**YOUR INSTRUCTIONS**
If a record holds a picture, leave the picture out and print everything else exactly.

**MATERIAL TO PROCESS**

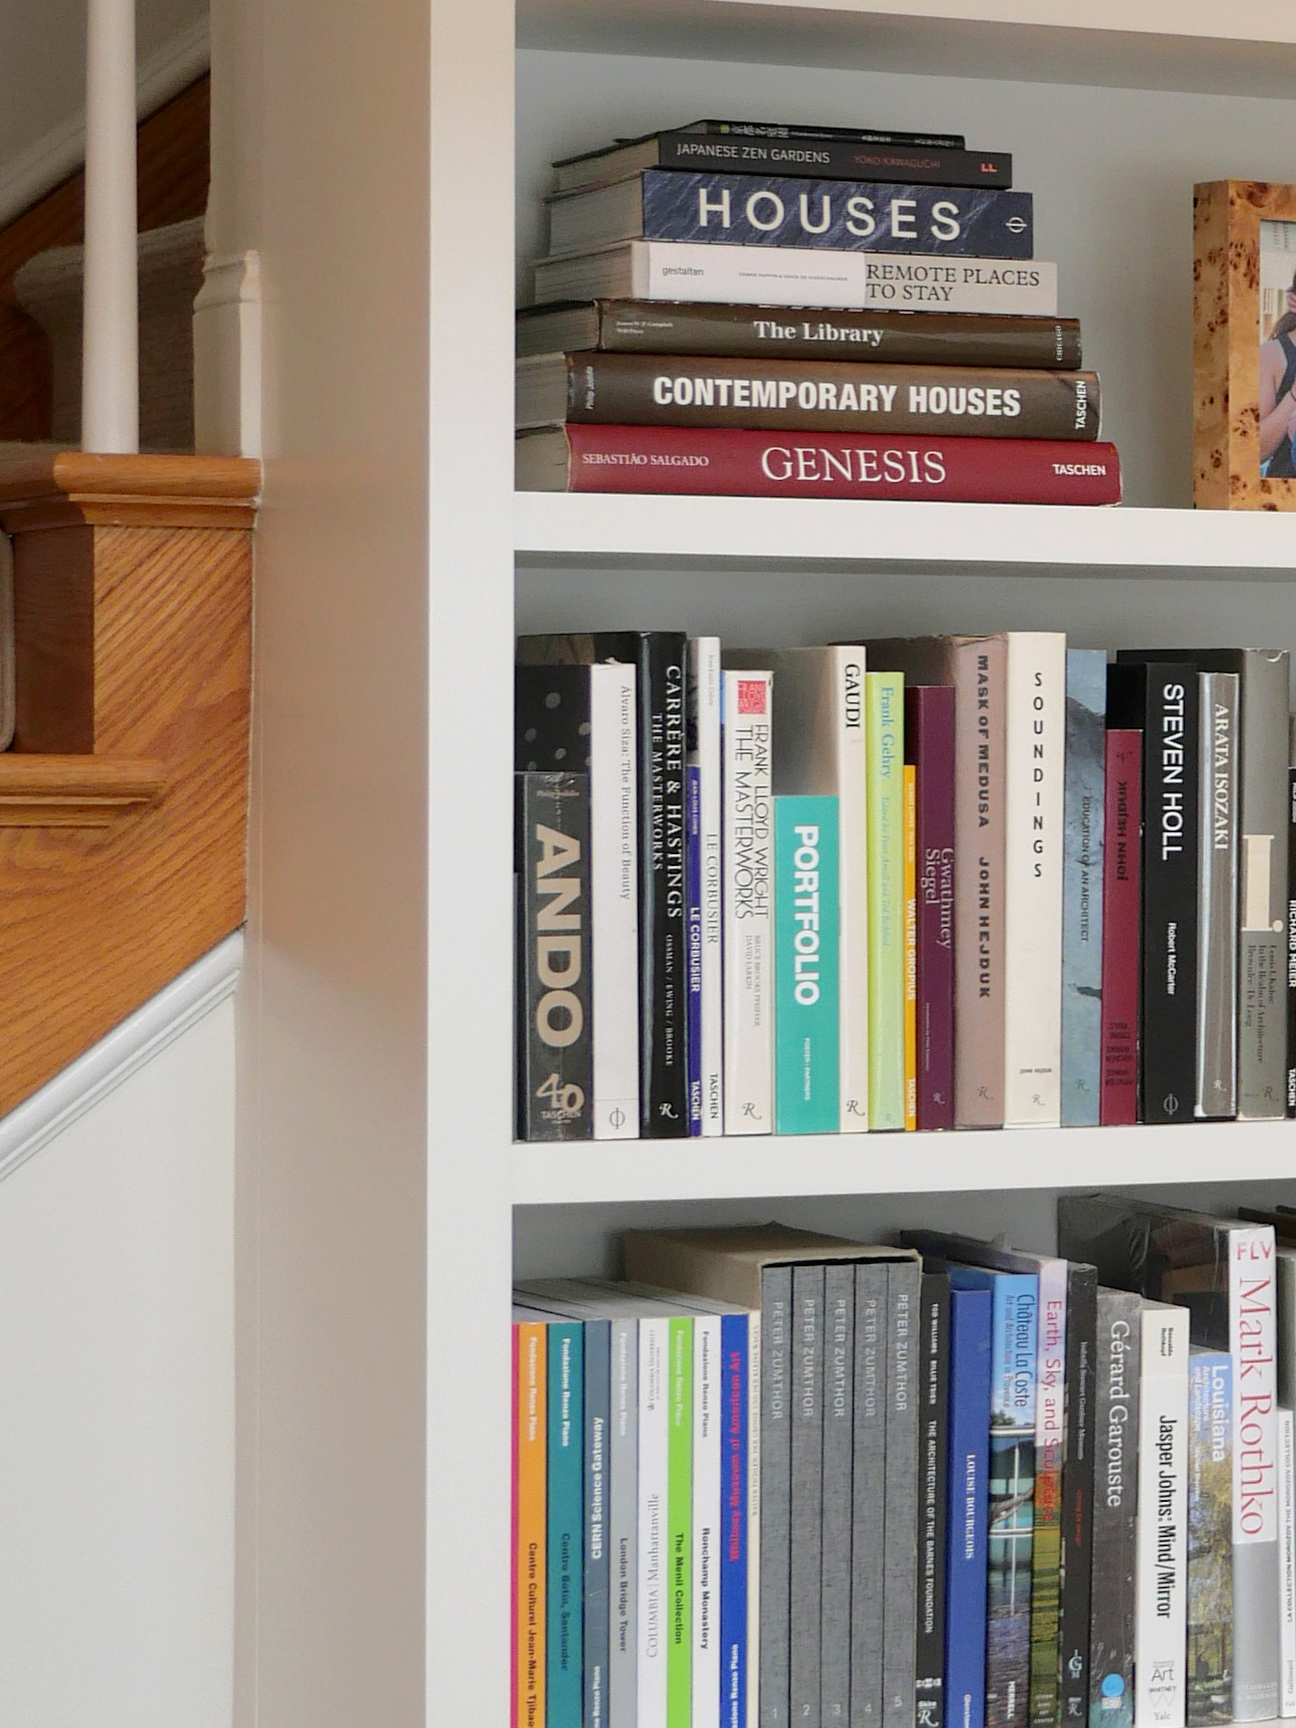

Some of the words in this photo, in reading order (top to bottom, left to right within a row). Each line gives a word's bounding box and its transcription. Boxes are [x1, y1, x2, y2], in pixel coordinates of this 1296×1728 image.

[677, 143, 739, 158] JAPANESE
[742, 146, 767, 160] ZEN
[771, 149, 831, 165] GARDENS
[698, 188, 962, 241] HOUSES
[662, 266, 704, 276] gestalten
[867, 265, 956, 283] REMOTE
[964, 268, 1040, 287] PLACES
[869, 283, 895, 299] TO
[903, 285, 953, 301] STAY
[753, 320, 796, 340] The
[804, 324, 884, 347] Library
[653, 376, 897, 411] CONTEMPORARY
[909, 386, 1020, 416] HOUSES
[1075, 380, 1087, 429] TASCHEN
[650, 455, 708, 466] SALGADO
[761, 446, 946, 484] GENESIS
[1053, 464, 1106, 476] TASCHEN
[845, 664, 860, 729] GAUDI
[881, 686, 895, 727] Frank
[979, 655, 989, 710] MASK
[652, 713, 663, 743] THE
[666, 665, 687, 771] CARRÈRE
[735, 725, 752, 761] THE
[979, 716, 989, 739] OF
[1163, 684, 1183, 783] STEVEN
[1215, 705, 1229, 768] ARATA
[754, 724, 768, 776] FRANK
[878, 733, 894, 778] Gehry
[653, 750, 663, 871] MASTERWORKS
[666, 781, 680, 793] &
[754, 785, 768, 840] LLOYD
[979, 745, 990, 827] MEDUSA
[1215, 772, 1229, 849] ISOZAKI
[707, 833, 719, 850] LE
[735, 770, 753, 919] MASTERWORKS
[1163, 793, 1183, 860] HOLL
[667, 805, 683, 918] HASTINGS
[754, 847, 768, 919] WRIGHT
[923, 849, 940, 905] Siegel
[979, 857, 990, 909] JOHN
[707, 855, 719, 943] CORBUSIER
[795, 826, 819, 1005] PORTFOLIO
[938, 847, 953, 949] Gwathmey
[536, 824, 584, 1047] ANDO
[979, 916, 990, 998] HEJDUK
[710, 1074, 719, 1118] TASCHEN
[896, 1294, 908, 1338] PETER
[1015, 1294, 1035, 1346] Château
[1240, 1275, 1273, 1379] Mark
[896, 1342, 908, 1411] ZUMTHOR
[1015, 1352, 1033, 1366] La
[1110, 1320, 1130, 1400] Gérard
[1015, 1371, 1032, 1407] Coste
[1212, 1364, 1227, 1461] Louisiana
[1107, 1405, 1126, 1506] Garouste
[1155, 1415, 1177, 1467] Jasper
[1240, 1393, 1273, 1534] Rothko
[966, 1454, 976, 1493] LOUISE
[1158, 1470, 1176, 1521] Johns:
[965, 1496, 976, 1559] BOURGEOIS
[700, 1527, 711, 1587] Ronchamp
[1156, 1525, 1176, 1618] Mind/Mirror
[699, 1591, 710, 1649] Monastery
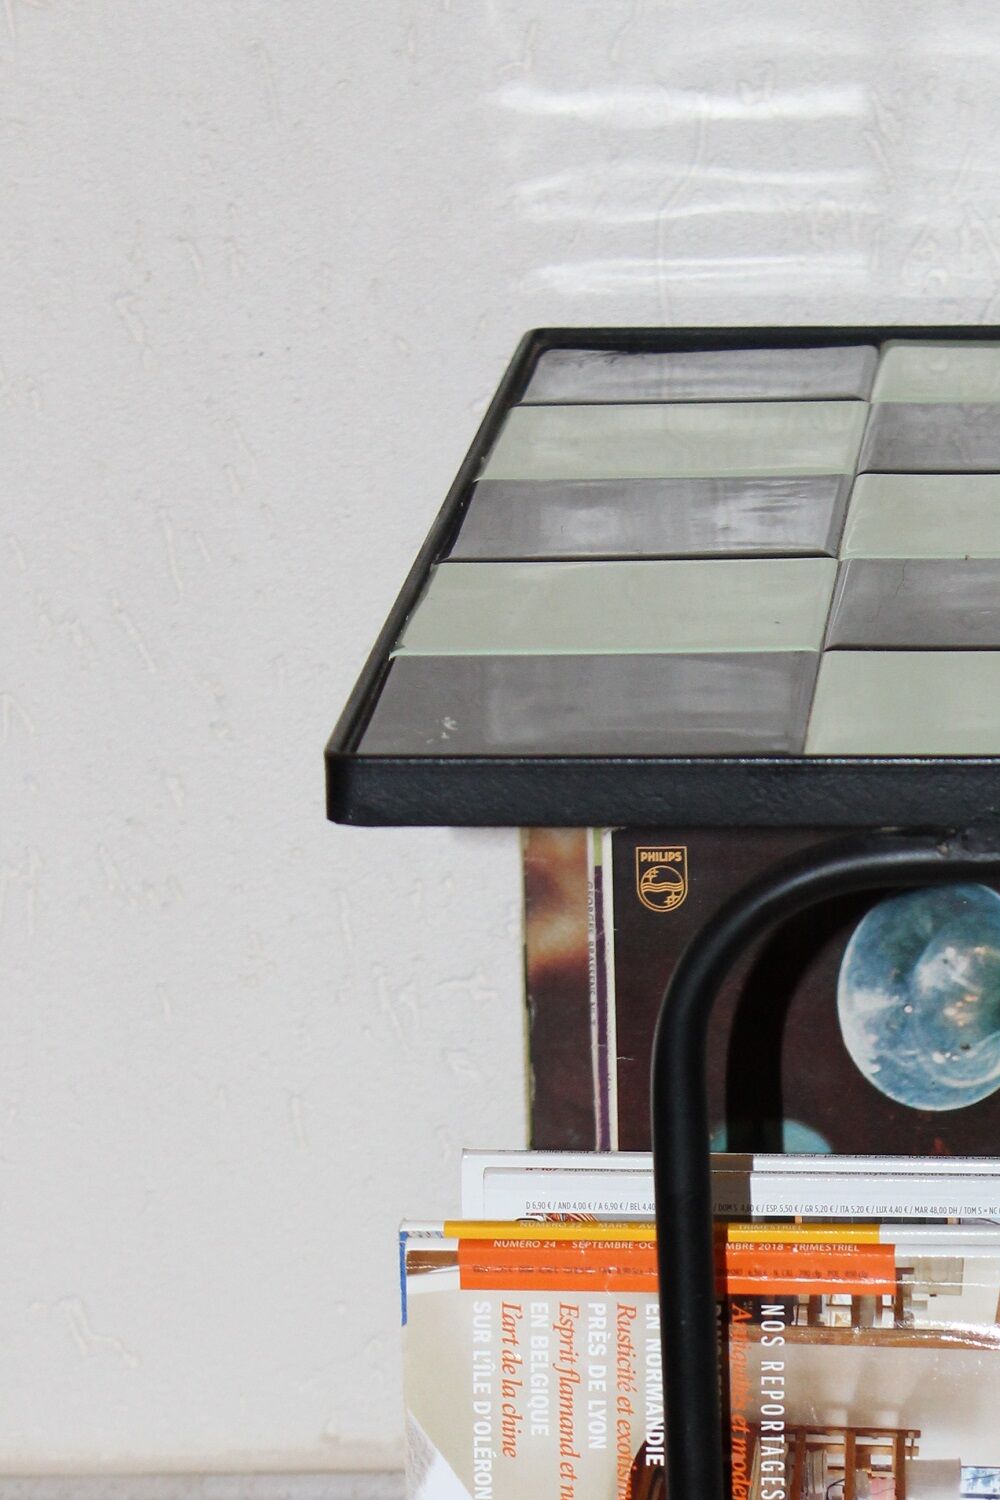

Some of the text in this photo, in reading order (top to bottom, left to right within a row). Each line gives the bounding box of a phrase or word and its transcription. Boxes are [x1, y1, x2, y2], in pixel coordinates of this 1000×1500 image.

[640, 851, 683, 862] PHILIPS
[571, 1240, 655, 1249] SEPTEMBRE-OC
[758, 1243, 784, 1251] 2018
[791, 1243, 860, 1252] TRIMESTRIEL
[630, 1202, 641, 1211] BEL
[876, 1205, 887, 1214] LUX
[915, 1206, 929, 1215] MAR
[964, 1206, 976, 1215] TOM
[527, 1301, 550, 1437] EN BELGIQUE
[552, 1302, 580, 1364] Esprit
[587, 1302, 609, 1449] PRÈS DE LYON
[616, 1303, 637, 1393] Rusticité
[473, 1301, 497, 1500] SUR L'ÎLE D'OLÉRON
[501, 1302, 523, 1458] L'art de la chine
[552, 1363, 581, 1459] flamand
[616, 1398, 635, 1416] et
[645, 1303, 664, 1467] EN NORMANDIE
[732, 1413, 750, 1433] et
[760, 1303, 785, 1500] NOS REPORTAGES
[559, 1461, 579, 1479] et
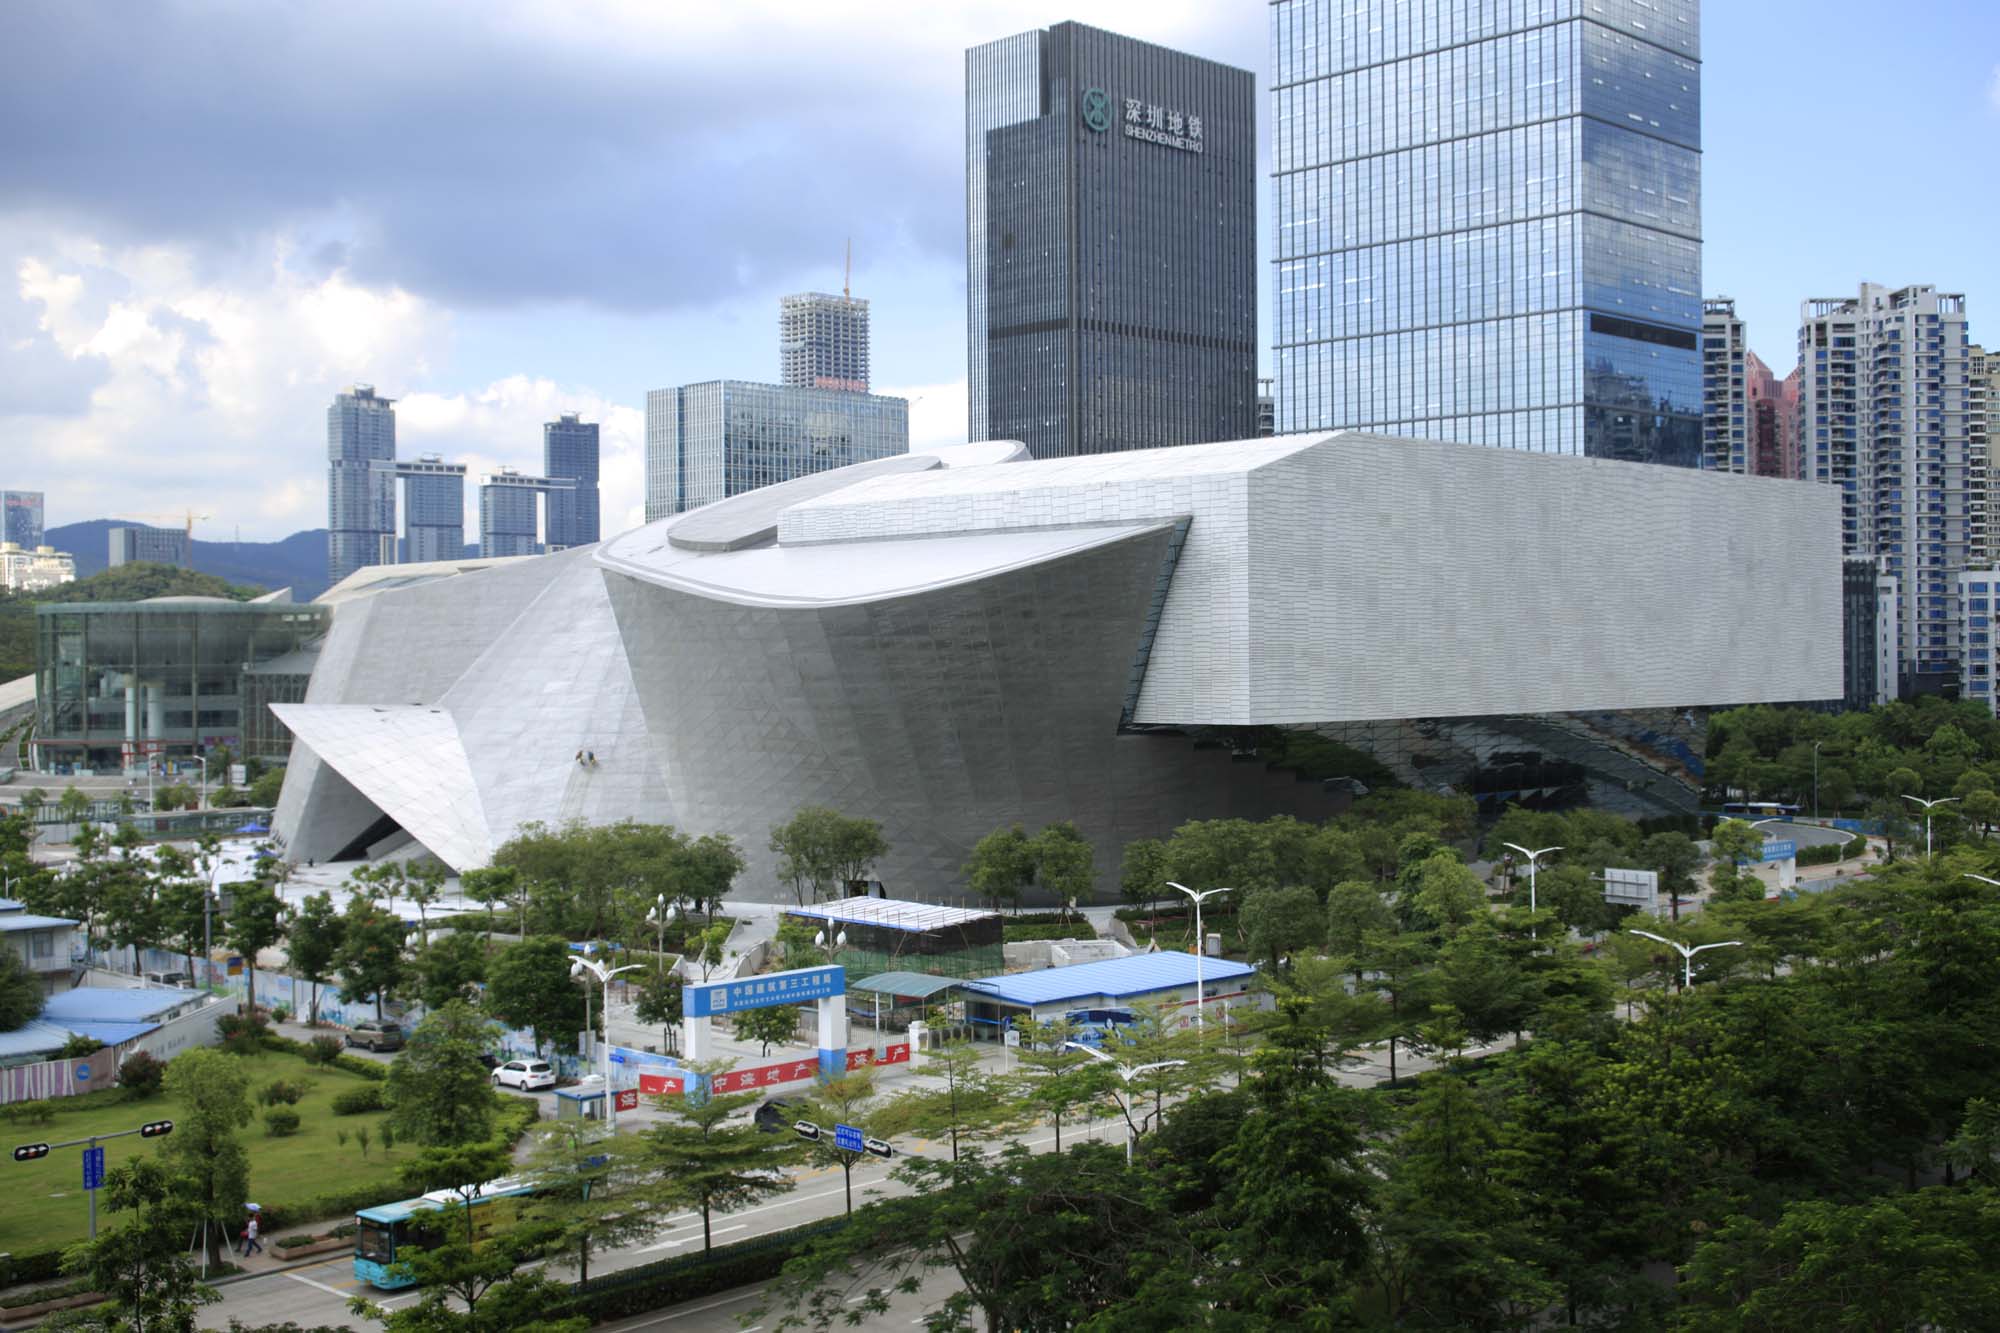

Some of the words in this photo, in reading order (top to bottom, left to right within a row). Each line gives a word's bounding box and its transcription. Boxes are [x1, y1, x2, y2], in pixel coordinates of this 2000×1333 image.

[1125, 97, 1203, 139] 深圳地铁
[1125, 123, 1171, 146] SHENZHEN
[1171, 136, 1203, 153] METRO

**OUTPUT**
Some of the words in this photo, in reading order (top to bottom, left to right within a row). Each line gives a word's bounding box and its transcription. Boxes are [x1, y1, x2, y2], in pixel coordinates of this 1296×1728 image.

[677, 143, 739, 158] JAPANESE
[742, 146, 767, 160] ZEN
[771, 149, 831, 165] GARDENS
[698, 188, 962, 241] HOUSES
[662, 266, 704, 276] gestalten
[867, 265, 956, 283] REMOTE
[964, 268, 1040, 287] PLACES
[869, 283, 895, 299] TO
[903, 285, 953, 301] STAY
[753, 320, 796, 340] The
[804, 324, 884, 347] Library
[653, 376, 897, 411] CONTEMPORARY
[909, 386, 1020, 416] HOUSES
[1075, 380, 1087, 429] TASCHEN
[650, 455, 708, 466] SALGADO
[761, 446, 946, 484] GENESIS
[1053, 464, 1106, 476] TASCHEN
[845, 664, 860, 729] GAUDI
[881, 686, 895, 727] Frank
[979, 655, 989, 710] MASK
[652, 713, 663, 743] THE
[666, 665, 687, 771] CARRÈRE
[735, 725, 752, 761] THE
[979, 716, 989, 739] OF
[1163, 684, 1183, 783] STEVEN
[1215, 705, 1229, 768] ARATA
[754, 724, 768, 776] FRANK
[878, 733, 894, 778] Gehry
[653, 750, 663, 871] MASTERWORKS
[666, 781, 680, 793] &
[754, 785, 768, 840] LLOYD
[979, 745, 990, 827] MEDUSA
[1215, 772, 1229, 849] ISOZAKI
[707, 833, 719, 850] LE
[735, 770, 753, 919] MASTERWORKS
[1163, 793, 1183, 860] HOLL
[667, 805, 683, 918] HASTINGS
[754, 847, 768, 919] WRIGHT
[923, 849, 940, 905] Siegel
[979, 857, 990, 909] JOHN
[707, 855, 719, 943] CORBUSIER
[795, 826, 819, 1005] PORTFOLIO
[938, 847, 953, 949] Gwathmey
[536, 824, 584, 1047] ANDO
[979, 916, 990, 998] HEJDUK
[710, 1074, 719, 1118] TASCHEN
[896, 1294, 908, 1338] PETER
[1015, 1294, 1035, 1346] Château
[1240, 1275, 1273, 1379] Mark
[896, 1342, 908, 1411] ZUMTHOR
[1015, 1352, 1033, 1366] La
[1110, 1320, 1130, 1400] Gérard
[1015, 1371, 1032, 1407] Coste
[1212, 1364, 1227, 1461] Louisiana
[1107, 1405, 1126, 1506] Garouste
[1155, 1415, 1177, 1467] Jasper
[1240, 1393, 1273, 1534] Rothko
[966, 1454, 976, 1493] LOUISE
[1158, 1470, 1176, 1521] Johns:
[965, 1496, 976, 1559] BOURGEOIS
[700, 1527, 711, 1587] Ronchamp
[1156, 1525, 1176, 1618] Mind/Mirror
[699, 1591, 710, 1649] Monastery

Some of the text in this photo, in reading order (top to bottom, left to right within a row). Each line gives the bounding box of a phrase or word and its transcription. Boxes are [x1, y1, x2, y2], in pixel coordinates of this 1000×1500 image.

[640, 851, 683, 862] PHILIPS
[571, 1240, 655, 1249] SEPTEMBRE-OC
[758, 1243, 784, 1251] 2018
[791, 1243, 860, 1252] TRIMESTRIEL
[630, 1202, 641, 1211] BEL
[876, 1205, 887, 1214] LUX
[915, 1206, 929, 1215] MAR
[964, 1206, 976, 1215] TOM
[527, 1301, 550, 1437] EN BELGIQUE
[552, 1302, 580, 1364] Esprit
[587, 1302, 609, 1449] PRÈS DE LYON
[616, 1303, 637, 1393] Rusticité
[473, 1301, 497, 1500] SUR L'ÎLE D'OLÉRON
[501, 1302, 523, 1458] L'art de la chine
[552, 1363, 581, 1459] flamand
[616, 1398, 635, 1416] et
[645, 1303, 664, 1467] EN NORMANDIE
[732, 1413, 750, 1433] et
[760, 1303, 785, 1500] NOS REPORTAGES
[559, 1461, 579, 1479] et

Some of the words in this photo, in reading order (top to bottom, left to right within a row). Each line gives a word's bounding box and its transcription. Boxes are [x1, y1, x2, y2], in pixel coordinates of this 2000×1333 image.

[1125, 97, 1203, 139] 深圳地铁
[1125, 123, 1171, 146] SHENZHEN
[1171, 136, 1203, 153] METRO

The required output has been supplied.